### DIRECTIONS
Below are records; output exactly the lines from the one with "this 1280×1280 image." through their final line.

### MATERIALS PROVIDED
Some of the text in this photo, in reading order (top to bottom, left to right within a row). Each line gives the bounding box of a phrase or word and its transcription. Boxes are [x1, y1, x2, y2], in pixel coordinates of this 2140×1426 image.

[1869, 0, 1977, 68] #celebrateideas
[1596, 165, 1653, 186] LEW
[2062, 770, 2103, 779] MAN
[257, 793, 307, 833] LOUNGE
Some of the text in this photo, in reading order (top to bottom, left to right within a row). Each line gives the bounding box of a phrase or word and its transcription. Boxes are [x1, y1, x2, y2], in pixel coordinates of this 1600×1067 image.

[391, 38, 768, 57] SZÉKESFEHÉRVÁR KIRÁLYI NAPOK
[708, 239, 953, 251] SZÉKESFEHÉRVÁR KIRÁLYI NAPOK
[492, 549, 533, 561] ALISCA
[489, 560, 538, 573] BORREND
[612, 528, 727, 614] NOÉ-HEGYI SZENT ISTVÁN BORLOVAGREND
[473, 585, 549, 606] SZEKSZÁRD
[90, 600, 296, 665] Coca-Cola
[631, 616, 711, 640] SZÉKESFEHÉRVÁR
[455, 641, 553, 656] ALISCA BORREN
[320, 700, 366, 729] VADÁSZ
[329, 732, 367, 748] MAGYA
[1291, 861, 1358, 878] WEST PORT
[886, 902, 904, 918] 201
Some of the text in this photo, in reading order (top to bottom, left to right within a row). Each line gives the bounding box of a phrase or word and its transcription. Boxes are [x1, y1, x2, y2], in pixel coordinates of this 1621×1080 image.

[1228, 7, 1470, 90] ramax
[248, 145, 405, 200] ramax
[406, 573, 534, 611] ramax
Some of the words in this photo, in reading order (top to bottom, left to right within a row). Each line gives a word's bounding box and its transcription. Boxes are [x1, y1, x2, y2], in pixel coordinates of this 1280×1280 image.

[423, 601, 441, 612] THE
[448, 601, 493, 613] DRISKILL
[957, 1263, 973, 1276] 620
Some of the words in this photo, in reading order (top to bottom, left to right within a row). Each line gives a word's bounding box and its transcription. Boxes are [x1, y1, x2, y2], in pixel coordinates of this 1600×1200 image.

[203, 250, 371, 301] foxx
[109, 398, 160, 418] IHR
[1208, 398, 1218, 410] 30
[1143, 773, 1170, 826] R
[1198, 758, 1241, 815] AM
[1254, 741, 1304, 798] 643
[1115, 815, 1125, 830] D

### RESULT FOR THIS EXERCISE
Some of the words in this photo, in reading order (top to bottom, left to right within a row). Each line gives a word's bounding box and its transcription. Boxes are [x1, y1, x2, y2], in pixel coordinates of this 1280×1280 image.

[423, 601, 441, 612] THE
[448, 601, 493, 613] DRISKILL
[957, 1263, 973, 1276] 620
Some of the words in this photo, in reading order (top to bottom, left to right within a row). Each line gives a word's bounding box and its transcription. Boxes are [x1, y1, x2, y2], in pixel coordinates of this 1600×1200 image.

[203, 250, 371, 301] foxx
[109, 398, 160, 418] IHR
[1208, 398, 1218, 410] 30
[1143, 773, 1170, 826] R
[1198, 758, 1241, 815] AM
[1254, 741, 1304, 798] 643
[1115, 815, 1125, 830] D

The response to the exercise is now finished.